My father ran back inside, slamming the screen door behind him. “What a mess! I’ll go get a bucket and some rags. Jesse, where did I put that scraper?”
“What is it?” Grandfather asked, unable to get his mind around this new catastrophe.
“It’s awful,” my dad began, “It’s –”
Joan finished the sentence for him: “Wall-to-wall black-eyed peas!”

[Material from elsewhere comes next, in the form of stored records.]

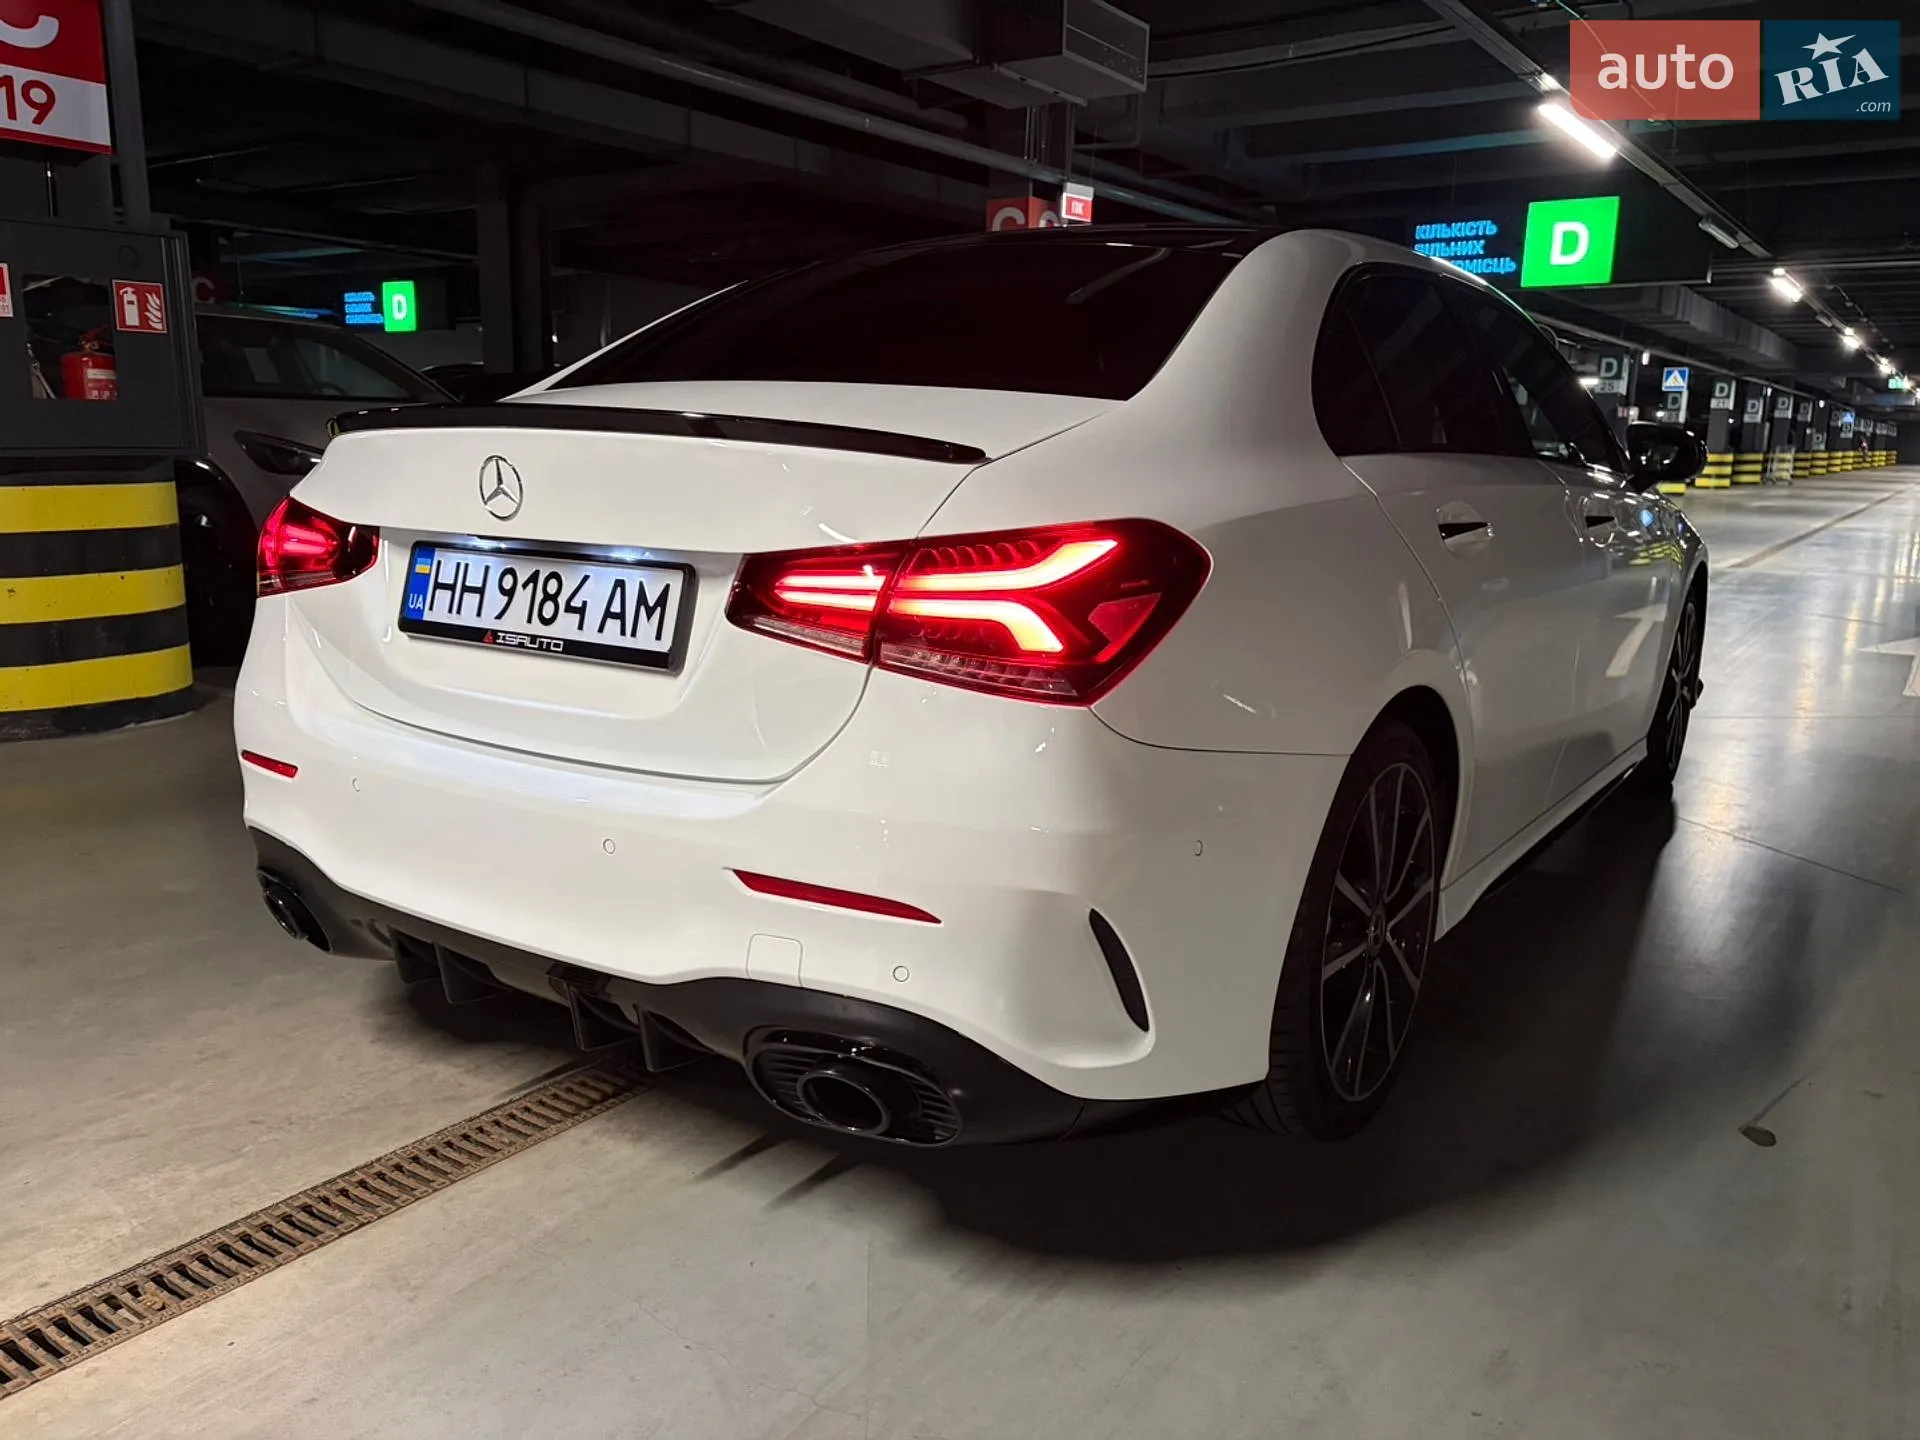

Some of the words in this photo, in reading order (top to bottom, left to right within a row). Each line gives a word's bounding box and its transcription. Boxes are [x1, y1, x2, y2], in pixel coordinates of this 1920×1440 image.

[0, 74, 56, 125] 19
[1415, 220, 1498, 240] КІЛЬКІСТЬ
[1550, 221, 1589, 265] D
[391, 293, 408, 321] D
[1600, 357, 1618, 378] D
[1714, 382, 1729, 397] D
[1667, 393, 1681, 409] D
[1747, 399, 1759, 412] D
[1777, 397, 1789, 408] D
[408, 592, 424, 610] UA
[429, 559, 490, 617] HH
[494, 566, 591, 631] 9184
[597, 578, 671, 641] AM
[496, 632, 564, 652] ISAUTO
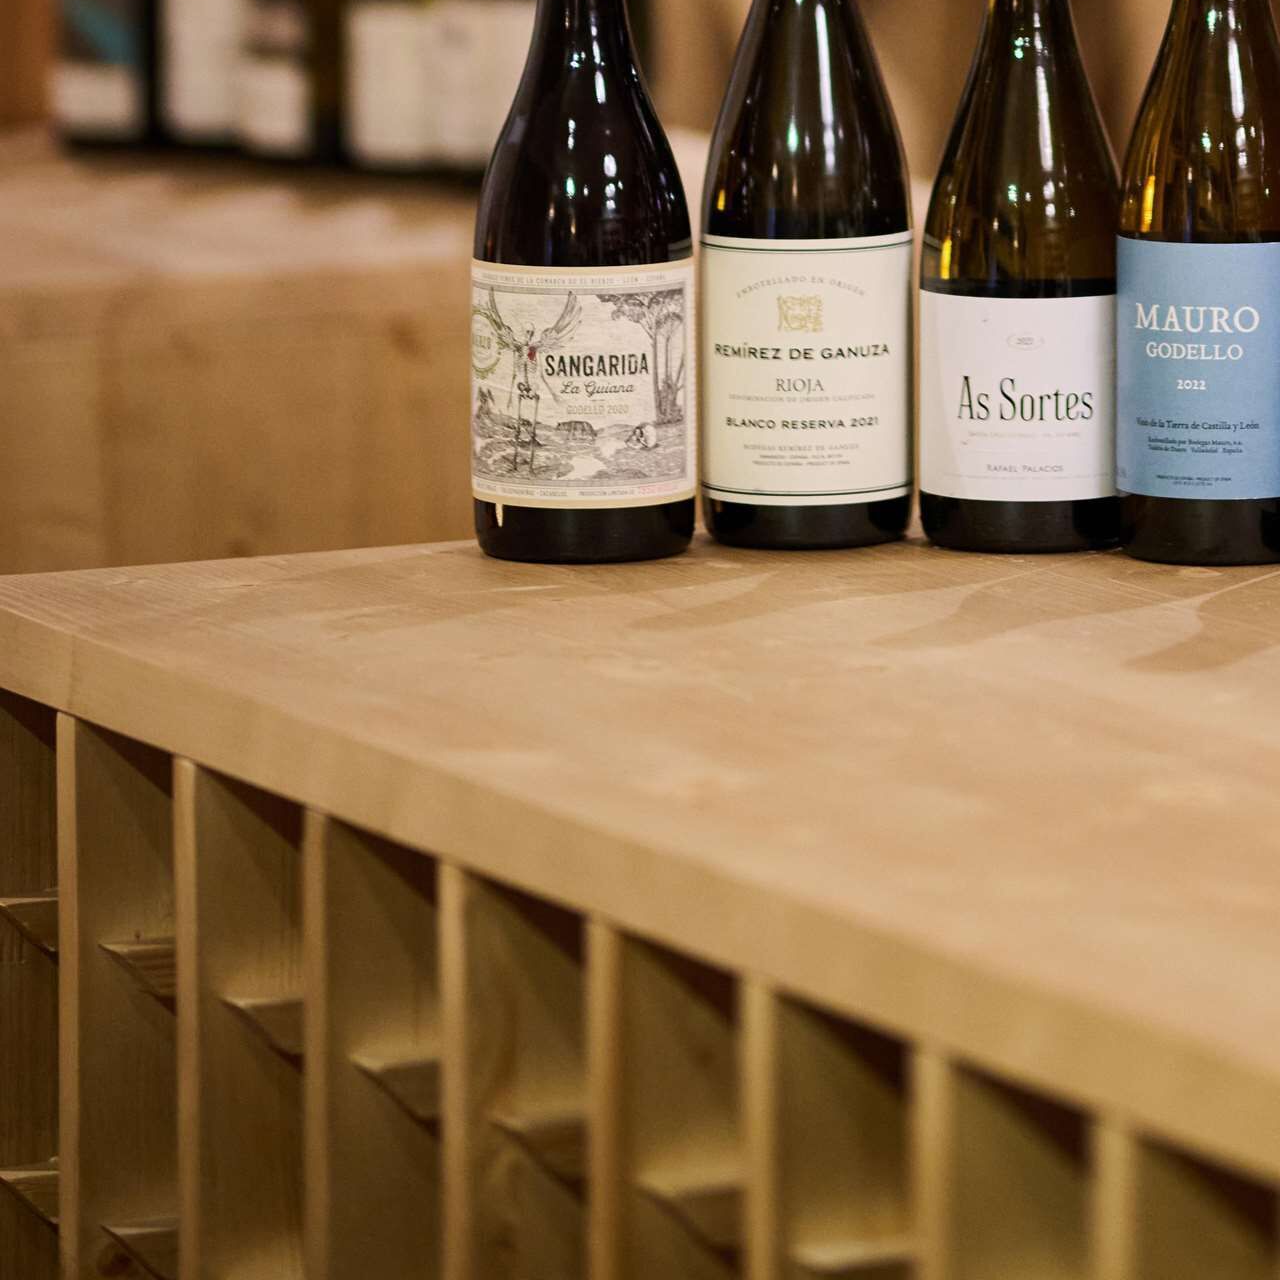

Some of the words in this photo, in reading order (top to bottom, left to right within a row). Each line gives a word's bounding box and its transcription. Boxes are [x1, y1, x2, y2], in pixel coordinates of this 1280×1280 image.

[1135, 302, 1261, 334] MAURO
[714, 342, 783, 361] REMÍREZ
[789, 347, 815, 361] DE
[820, 343, 890, 360] GANUZA
[1146, 342, 1244, 361] GODELLO
[545, 353, 649, 377] SANGARIDA
[560, 381, 580, 395] La
[775, 377, 825, 395] RIOJA
[1176, 379, 1207, 390] 2022
[958, 375, 991, 422] As
[999, 377, 1095, 422] Sortes
[725, 415, 777, 430] BLANCO
[781, 418, 846, 430] RESERVA
[850, 416, 879, 428] 2021
[1190, 421, 1201, 431] de
[1201, 420, 1232, 431] Castilla
[1232, 423, 1239, 433] y
[1240, 420, 1261, 431] León
[987, 463, 1019, 473] RAFAEL
[1022, 464, 1065, 473] PALACIOS
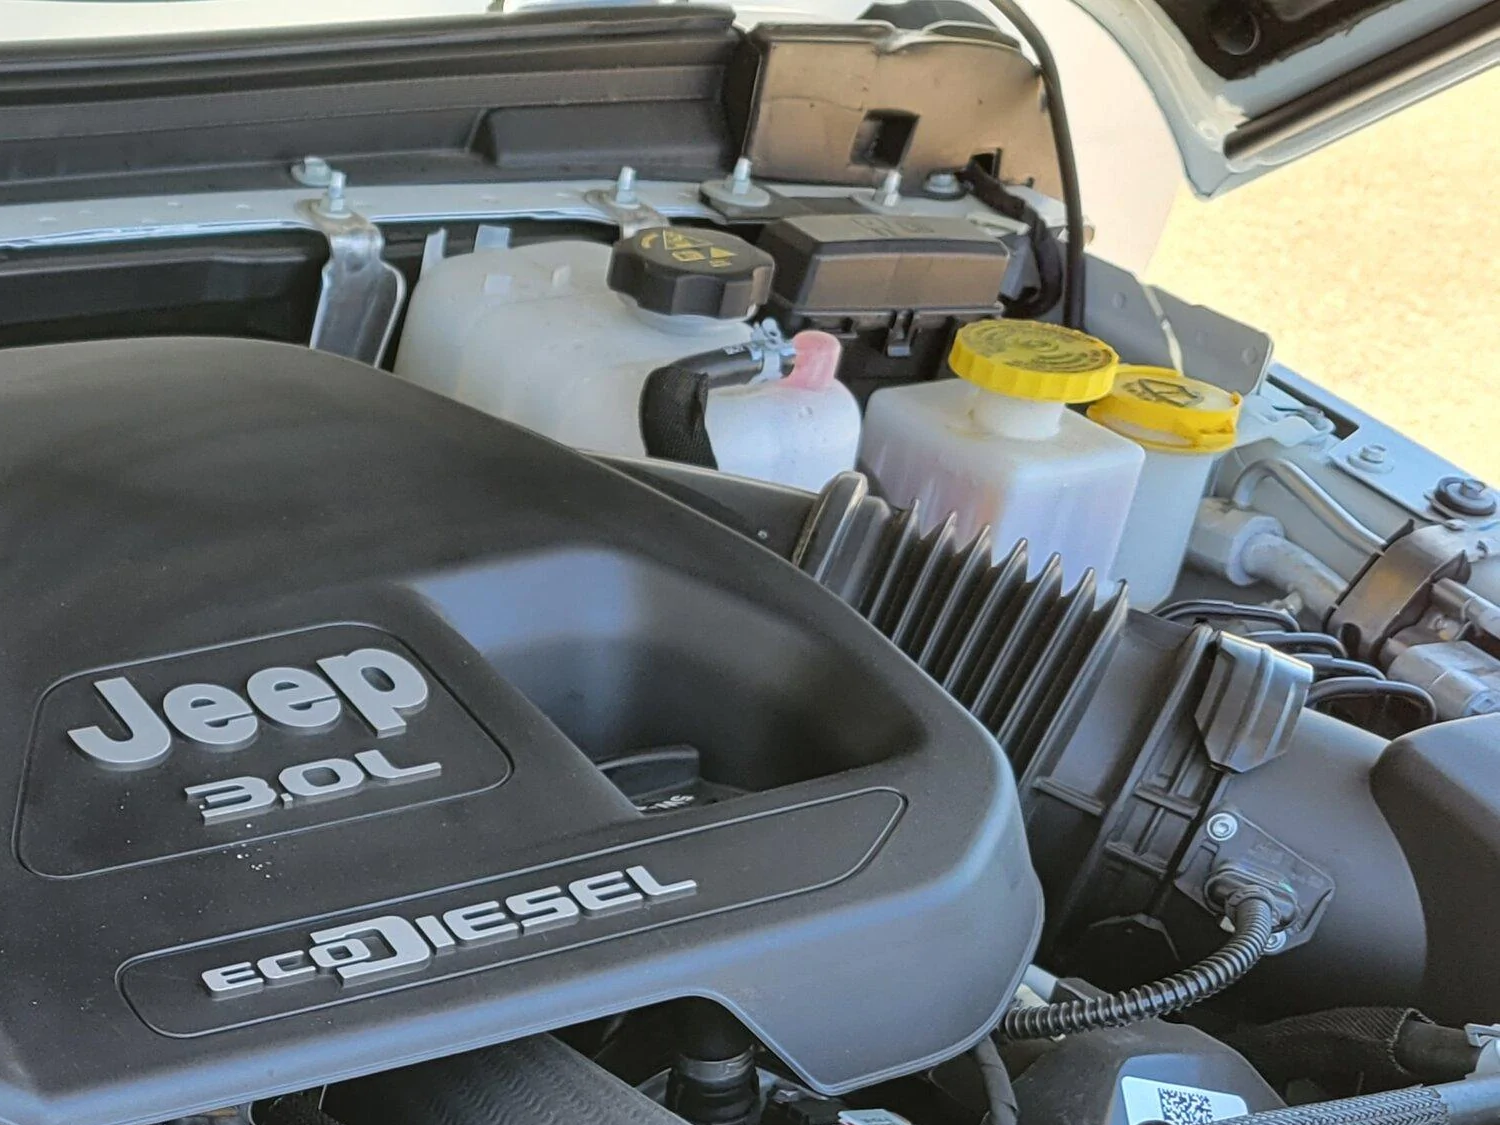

I have since learned that on their highest setting, pressure cookers build up to about 15 pounds per square inch. This means every bit as much to me now as it did then – which is to say, nothing. But it meant something to my father, and he continued to have great respect for pressure cookers throughout his days. Mother, on the other hand, got over her initial shock and took to the things like a duck to water. My grandmother remained respectful, and usually found something interesting to do outside the kitchen the moment she saw the pressure cooker appear. I myself, being a sensible woman, tried to figure out the number of square inches in the average pressure cooker. Then I applied every mathematical formula I knew. But I went down in defeat, and today the old pressure cooker rests in the shed, a treasure from the good old days – when you never knew what would happen on a Saturday morning.
Oh – and the dog came home the next day.